EXTRACTED DATA:
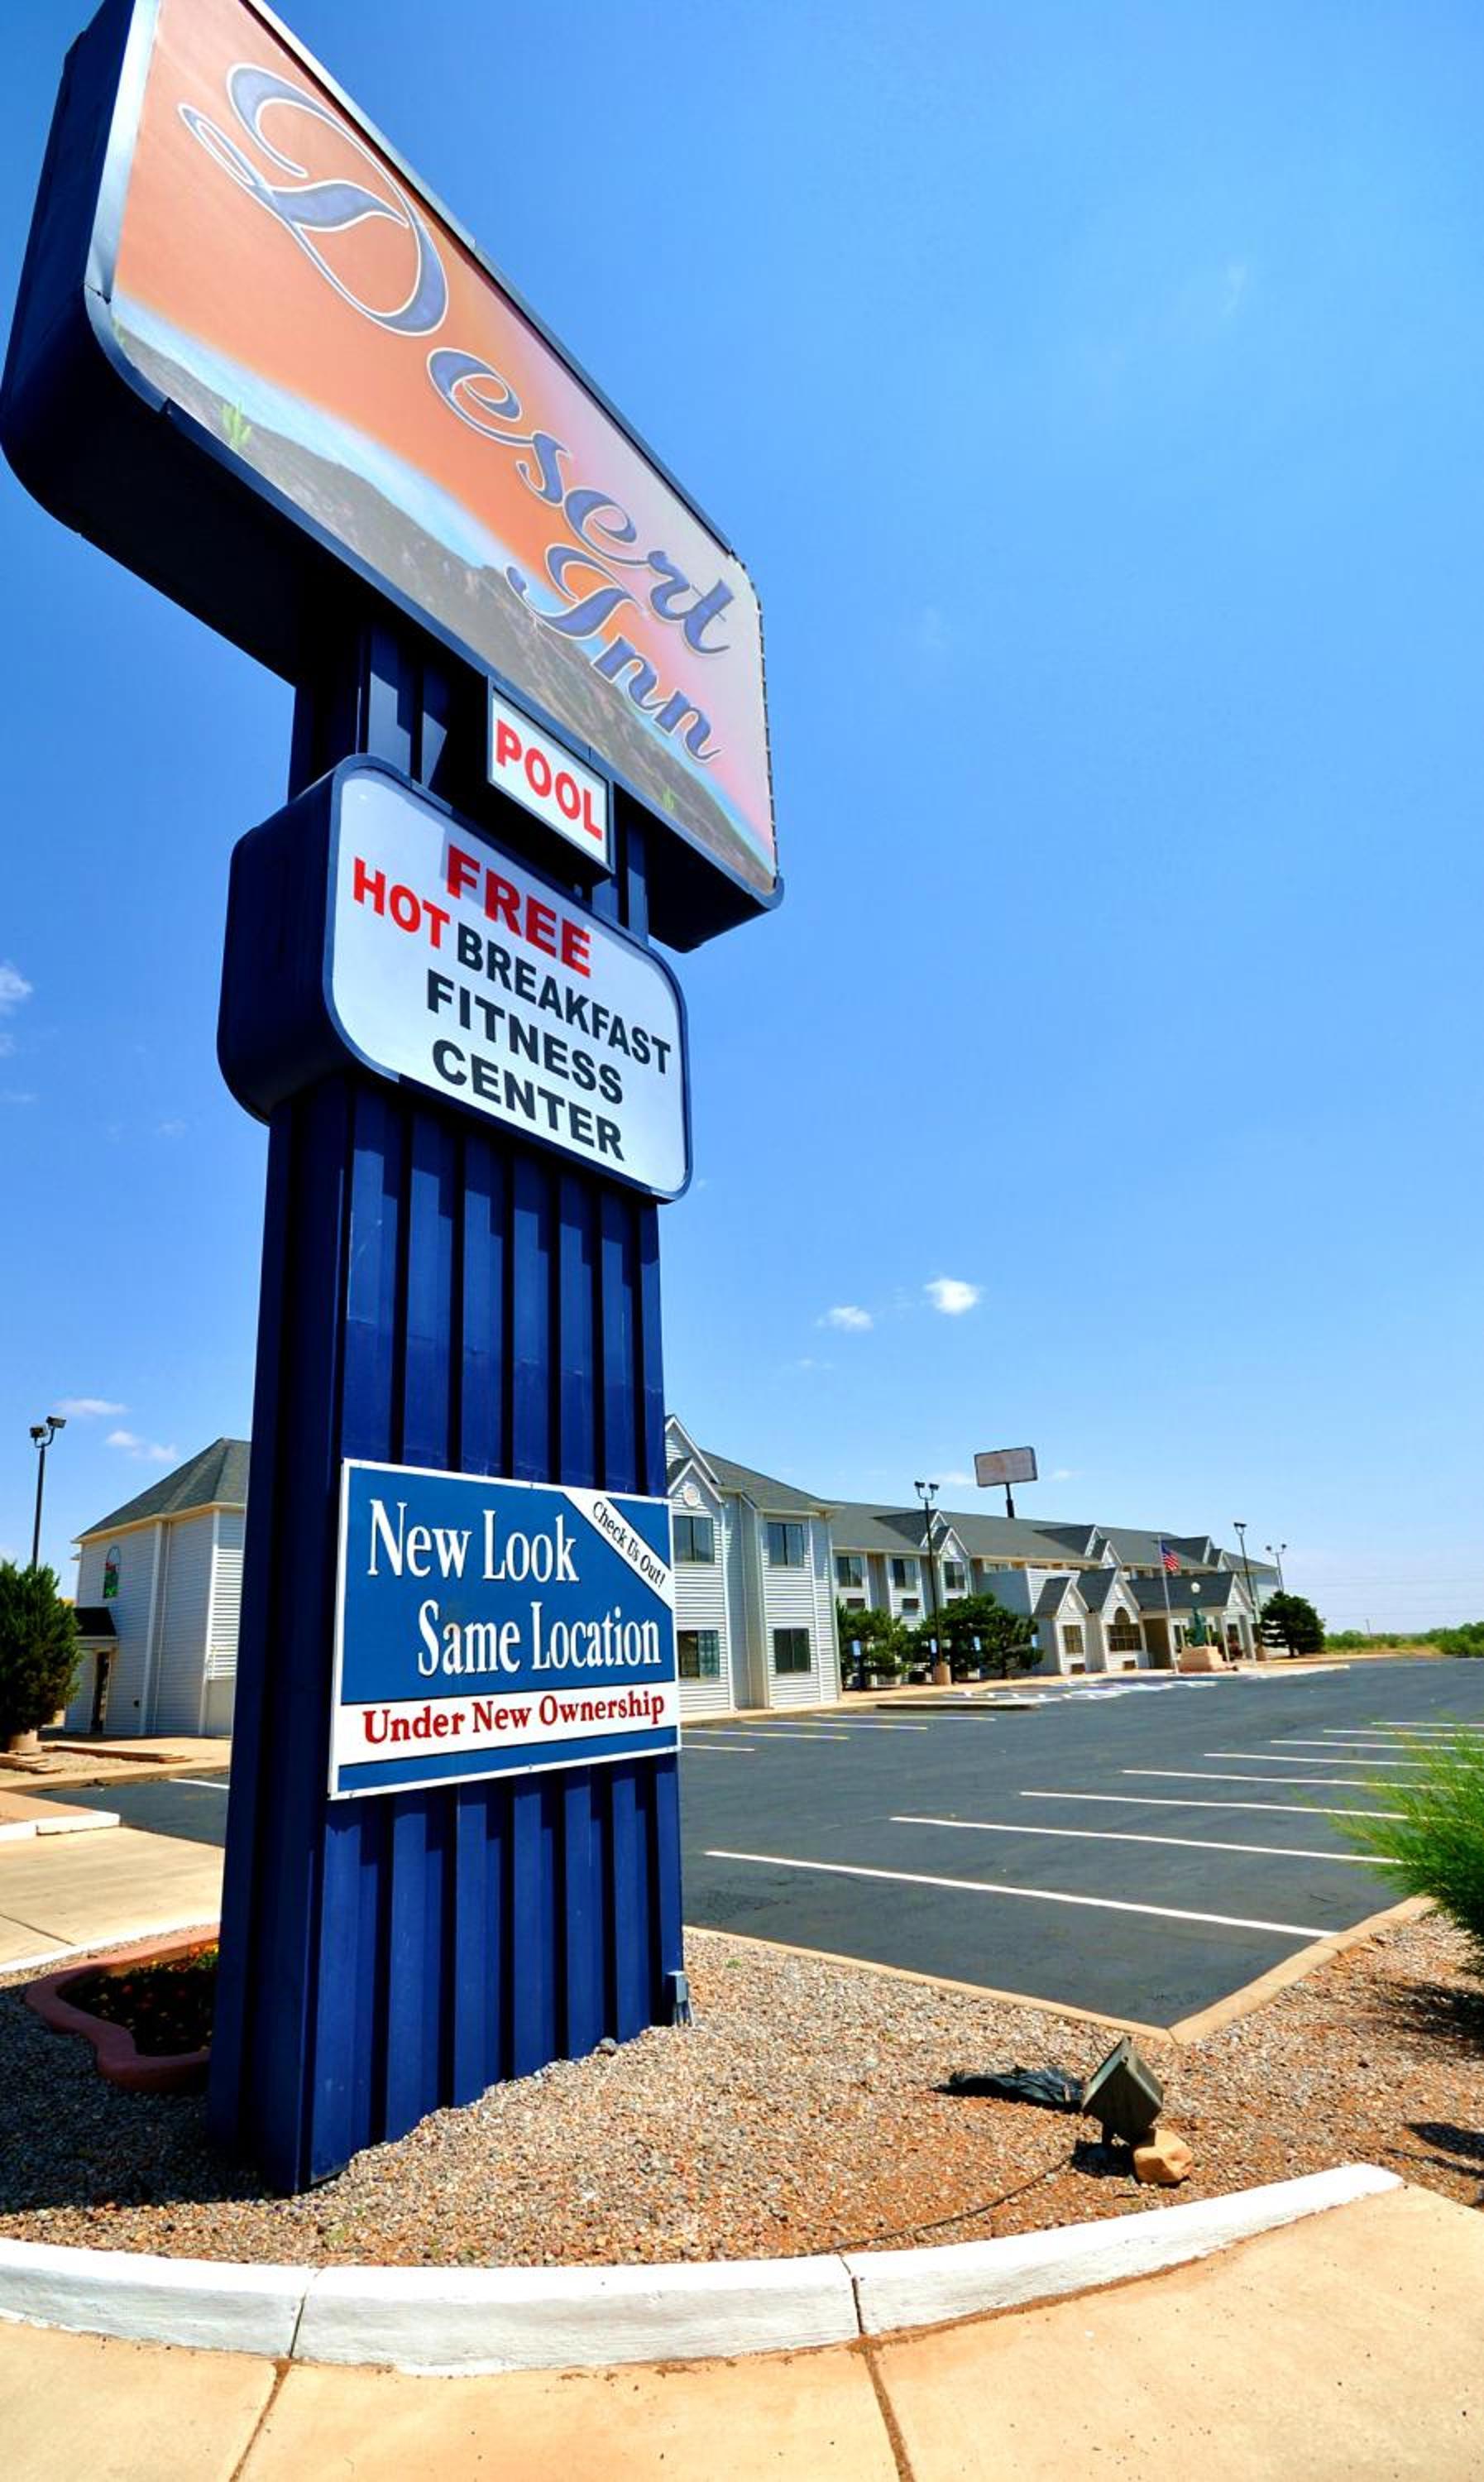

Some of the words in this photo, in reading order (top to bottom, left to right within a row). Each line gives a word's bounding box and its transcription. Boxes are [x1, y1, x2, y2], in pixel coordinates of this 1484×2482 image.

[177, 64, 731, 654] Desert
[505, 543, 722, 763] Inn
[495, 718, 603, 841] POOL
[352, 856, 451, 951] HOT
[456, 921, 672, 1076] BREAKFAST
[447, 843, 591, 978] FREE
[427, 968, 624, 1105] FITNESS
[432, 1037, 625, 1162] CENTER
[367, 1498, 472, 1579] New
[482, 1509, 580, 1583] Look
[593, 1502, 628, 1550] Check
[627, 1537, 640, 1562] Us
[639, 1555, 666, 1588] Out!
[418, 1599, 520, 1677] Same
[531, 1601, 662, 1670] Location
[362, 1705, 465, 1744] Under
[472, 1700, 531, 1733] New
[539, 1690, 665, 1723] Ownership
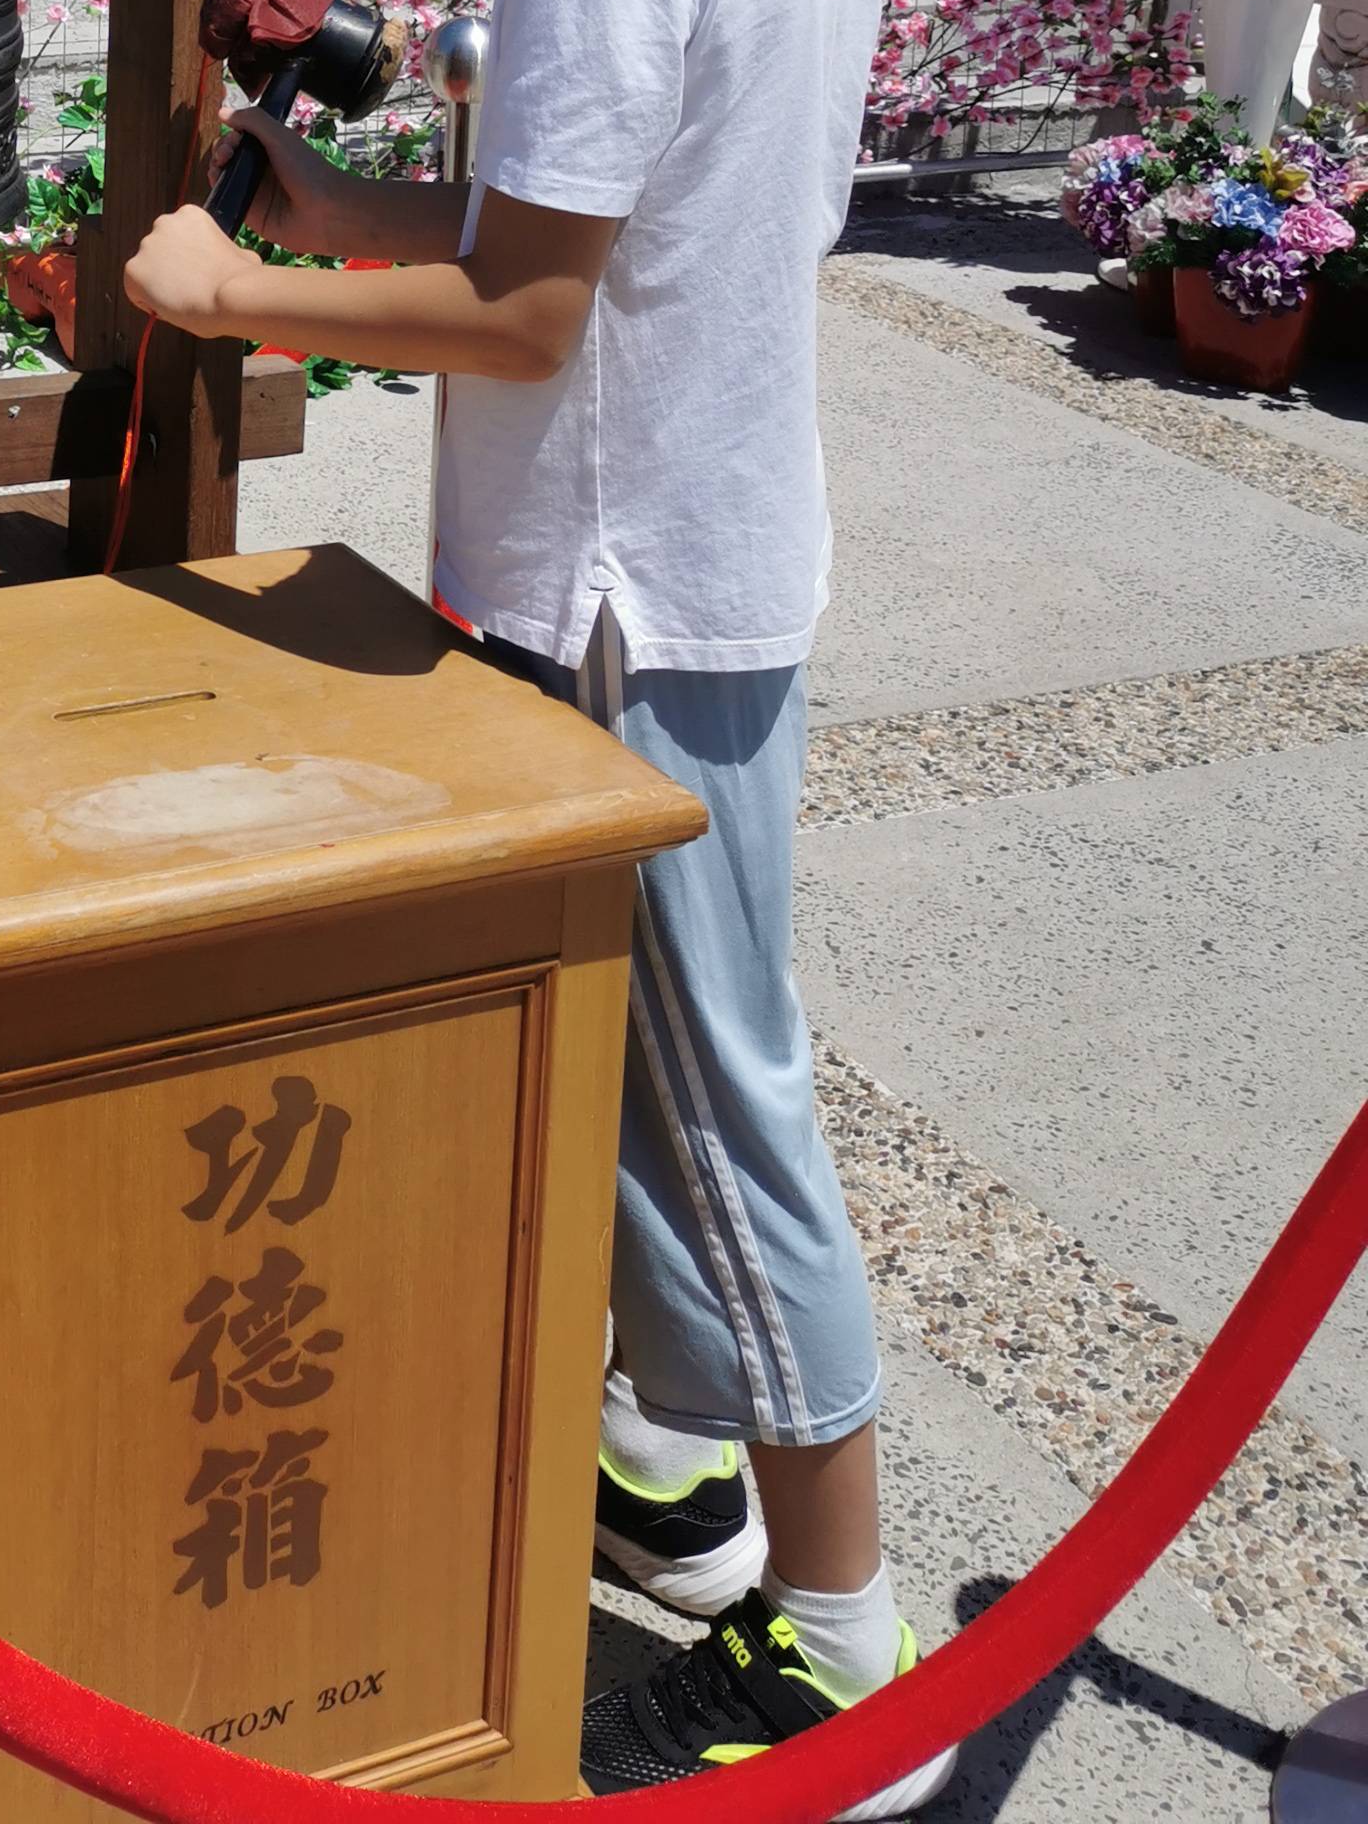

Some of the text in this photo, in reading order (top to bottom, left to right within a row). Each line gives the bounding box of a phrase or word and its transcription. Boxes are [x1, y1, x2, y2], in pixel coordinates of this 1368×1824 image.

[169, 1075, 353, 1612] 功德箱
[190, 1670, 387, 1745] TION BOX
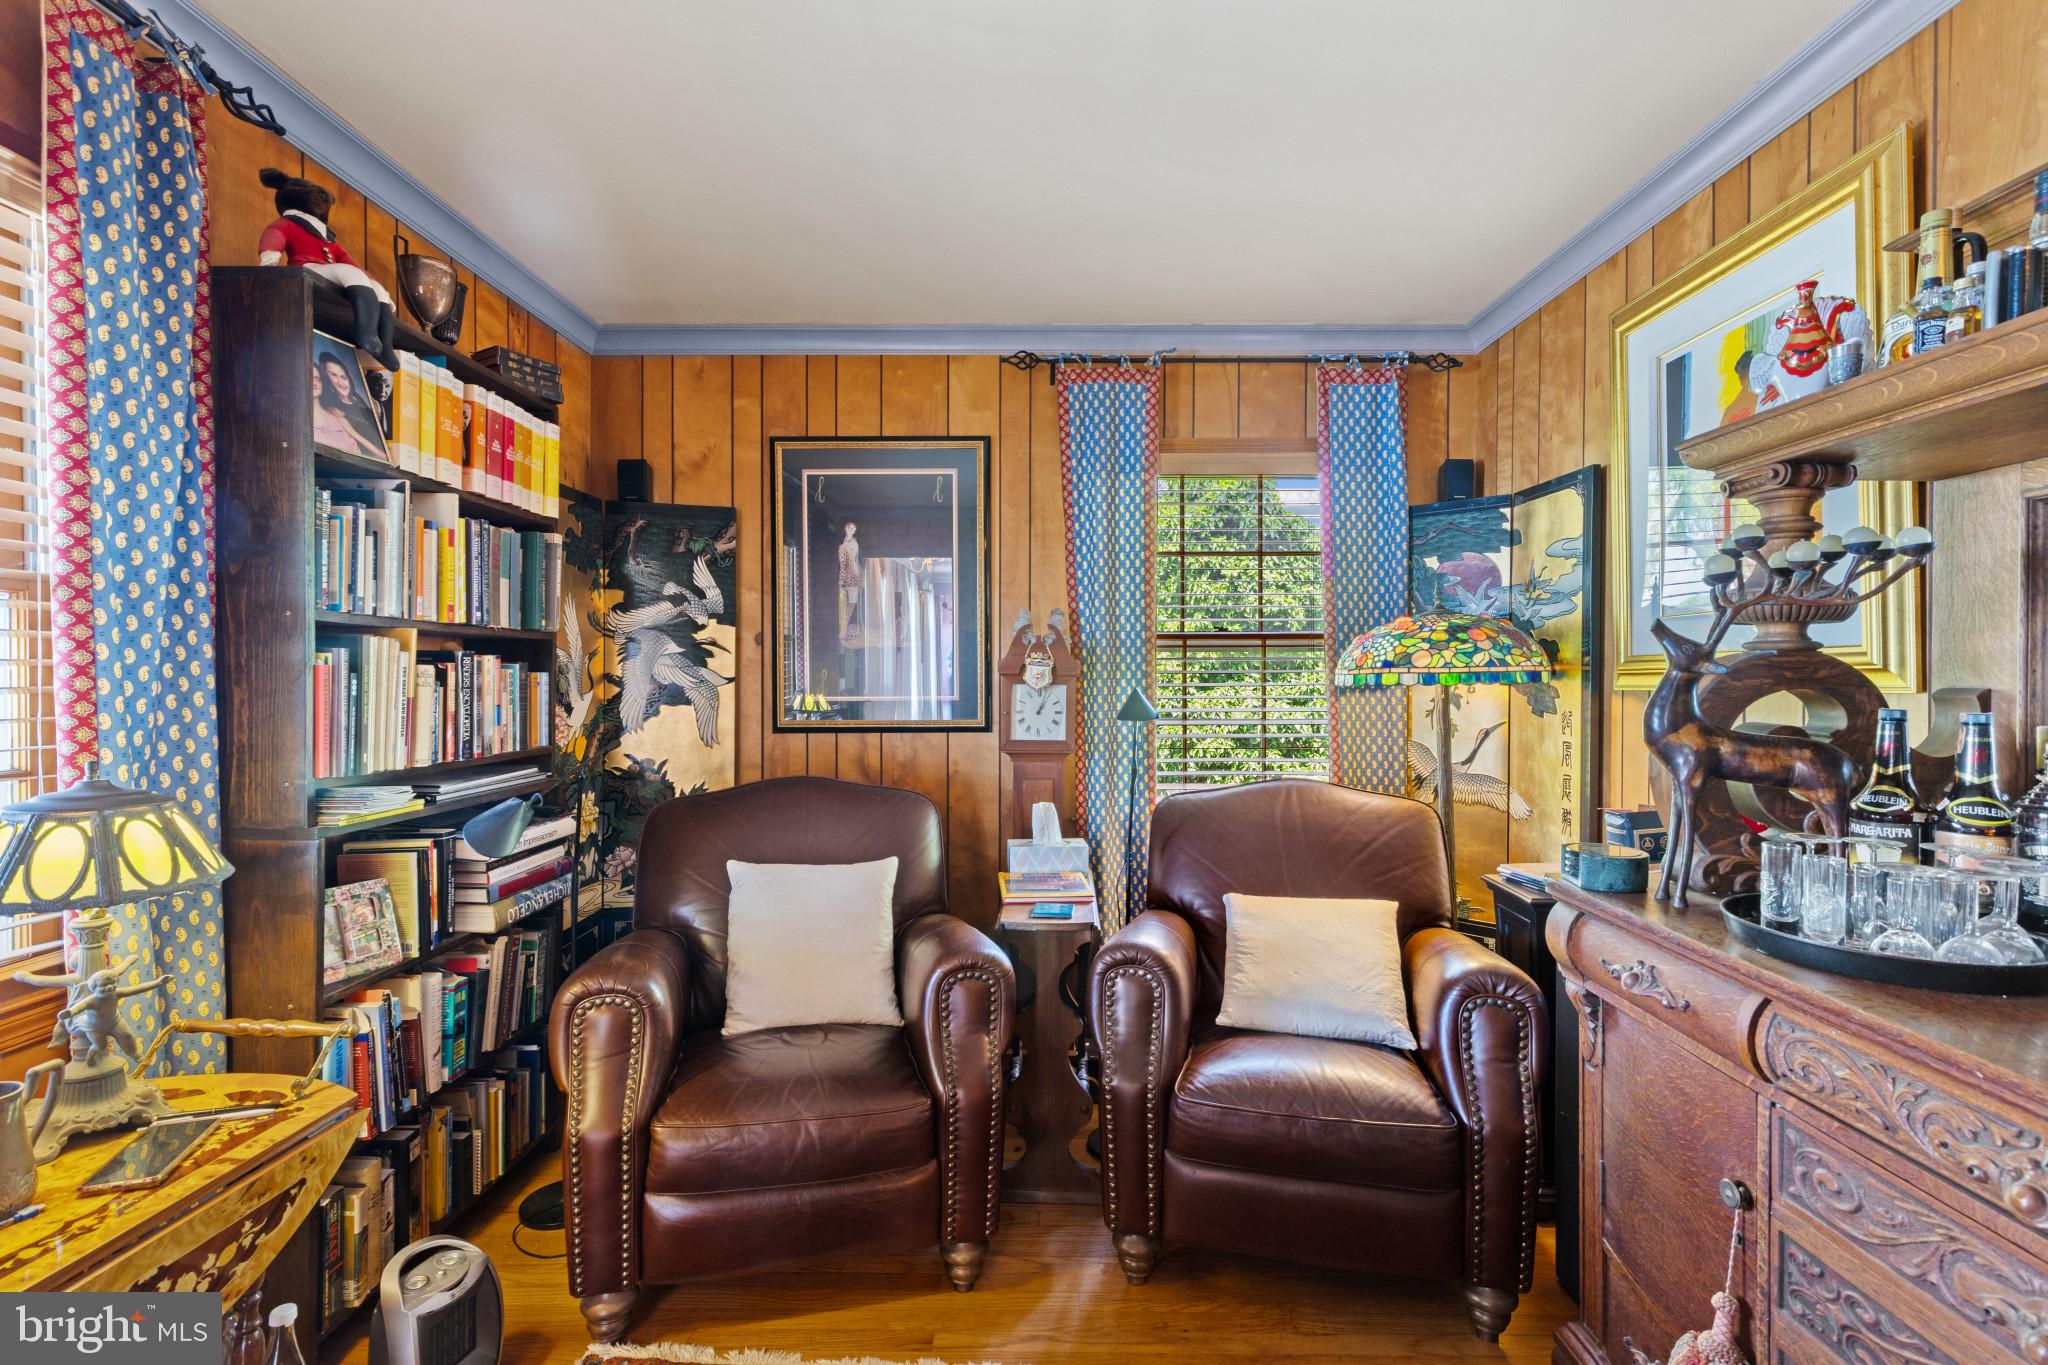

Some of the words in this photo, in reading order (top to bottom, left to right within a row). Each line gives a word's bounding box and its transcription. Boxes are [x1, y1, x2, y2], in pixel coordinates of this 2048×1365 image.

INSTRUCTIONS FOR THE TASK:
Please repeat each record above precisely, with the pictures left out.

REPLY:
Some of the words in this photo, in reading order (top to bottom, left to right within a row). Each line gives a word's bounding box and its transcription. Boxes are [x1, y1, x2, y2], in pixel coordinates of this 1484×2482 image.

[177, 64, 731, 654] Desert
[505, 543, 722, 763] Inn
[495, 718, 603, 841] POOL
[352, 856, 451, 951] HOT
[456, 921, 672, 1076] BREAKFAST
[447, 843, 591, 978] FREE
[427, 968, 624, 1105] FITNESS
[432, 1037, 625, 1162] CENTER
[367, 1498, 472, 1579] New
[482, 1509, 580, 1583] Look
[593, 1502, 628, 1550] Check
[627, 1537, 640, 1562] Us
[639, 1555, 666, 1588] Out!
[418, 1599, 520, 1677] Same
[531, 1601, 662, 1670] Location
[362, 1705, 465, 1744] Under
[472, 1700, 531, 1733] New
[539, 1690, 665, 1723] Ownership

Some of the text in this photo, in reading order (top to bottom, left to right within a row). Each line gives the bounding box of a phrase or word and its transcription. Boxes are [x1, y1, x2, y2], in pixel coordinates of this 1368×1824 image.

[169, 1075, 353, 1612] 功德箱
[190, 1670, 387, 1745] TION BOX

Some of the words in this photo, in reading order (top to bottom, left to right within a row). Each line gives a word's bounding box and its transcription. Boxes are [x1, y1, x2, y2], in pixel coordinates of this 2048×1365 image.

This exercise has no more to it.